— Work request —
Once the pictures are set aside, reproduce all of the records exactly.

--- Records shown Enclosed Below ---

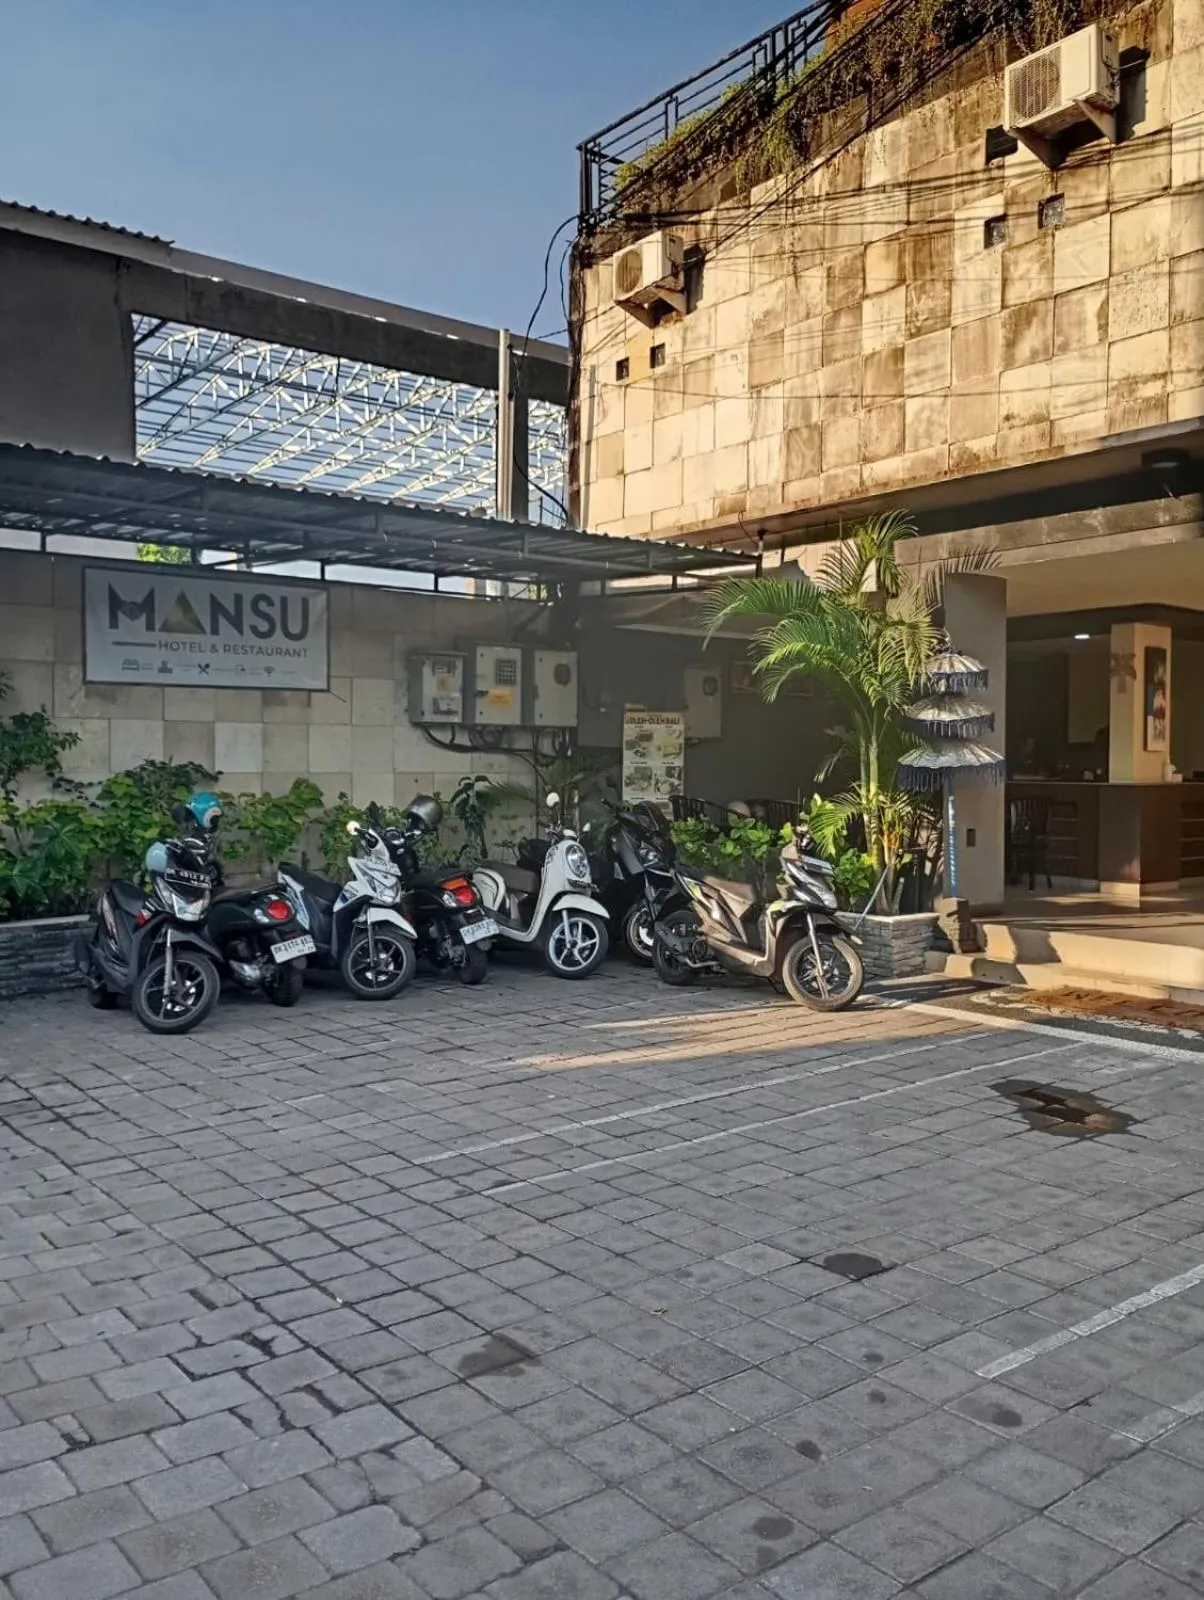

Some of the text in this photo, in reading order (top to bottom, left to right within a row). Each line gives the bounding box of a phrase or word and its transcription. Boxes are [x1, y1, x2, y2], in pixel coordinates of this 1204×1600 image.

[107, 582, 310, 642] MANSU
[158, 640, 308, 658] HOTEL & RESTAURANT
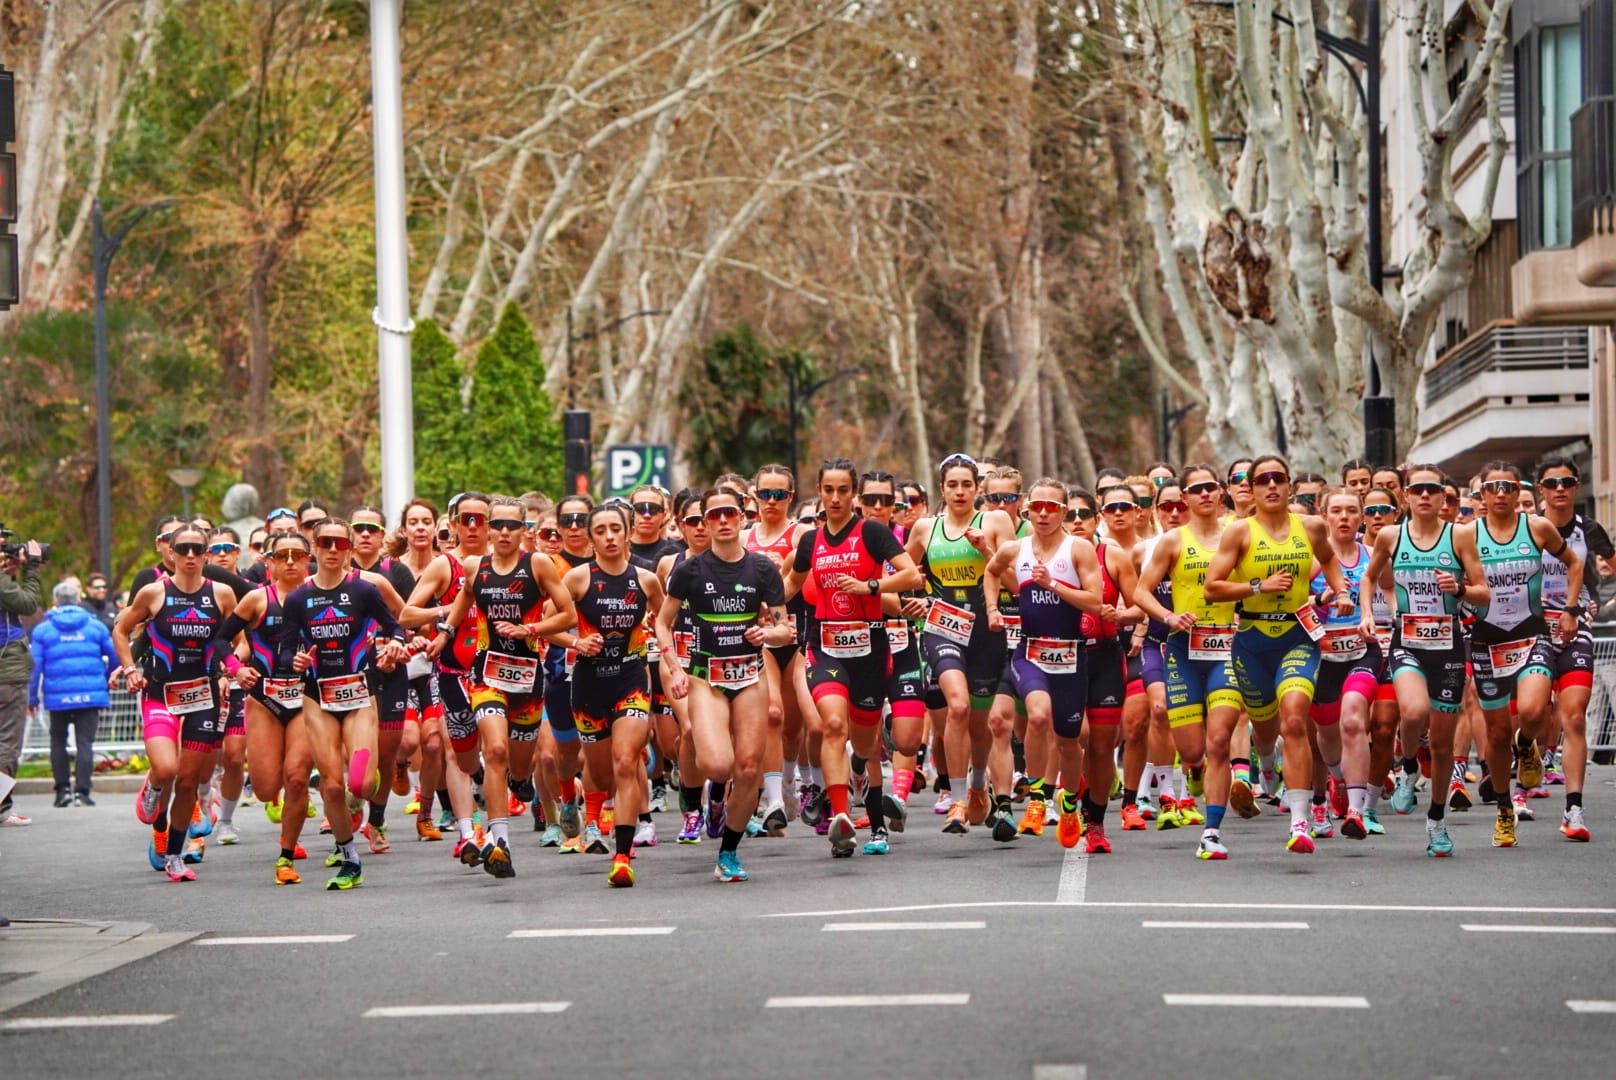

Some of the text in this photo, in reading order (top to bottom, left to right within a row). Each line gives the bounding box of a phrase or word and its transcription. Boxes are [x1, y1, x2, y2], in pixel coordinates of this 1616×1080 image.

[611, 450, 642, 490] P
[940, 566, 976, 582] AULINAS
[1408, 582, 1442, 596] PEIRATS
[712, 595, 746, 612] VIÑARÁS
[487, 604, 522, 619] ACOSTA
[600, 614, 635, 628] DEL POZO
[938, 615, 959, 631] 57A
[172, 624, 211, 638] NAVARRO
[310, 623, 350, 639] REIMONDO
[1416, 628, 1438, 638] 52B
[834, 635, 857, 646] 58A
[1203, 638, 1225, 649] 60A
[1331, 639, 1354, 651] 51C
[1040, 652, 1063, 663] 64A
[498, 668, 522, 681] 53C
[723, 667, 745, 680] 61J
[179, 692, 200, 703] 55F
[278, 688, 299, 699] 55G
[335, 688, 354, 700] 55I

--- End of Enclosed Records shown ---

— Solution to this problem —
Some of the text in this photo, in reading order (top to bottom, left to right within a row). Each line gives the bounding box of a phrase or word and its transcription. Boxes are [x1, y1, x2, y2], in pixel coordinates of this 1204×1600 image.

[107, 582, 310, 642] MANSU
[158, 640, 308, 658] HOTEL & RESTAURANT

Some of the text in this photo, in reading order (top to bottom, left to right within a row). Each line gives the bounding box of a phrase or word and its transcription. Boxes are [x1, y1, x2, y2], in pixel coordinates of this 1616×1080 image.

[611, 450, 642, 490] P
[940, 566, 976, 582] AULINAS
[1408, 582, 1442, 596] PEIRATS
[712, 595, 746, 612] VIÑARÁS
[487, 604, 522, 619] ACOSTA
[600, 614, 635, 628] DEL POZO
[938, 615, 959, 631] 57A
[172, 624, 211, 638] NAVARRO
[310, 623, 350, 639] REIMONDO
[1416, 628, 1438, 638] 52B
[834, 635, 857, 646] 58A
[1203, 638, 1225, 649] 60A
[1331, 639, 1354, 651] 51C
[1040, 652, 1063, 663] 64A
[498, 668, 522, 681] 53C
[723, 667, 745, 680] 61J
[179, 692, 200, 703] 55F
[278, 688, 299, 699] 55G
[335, 688, 354, 700] 55I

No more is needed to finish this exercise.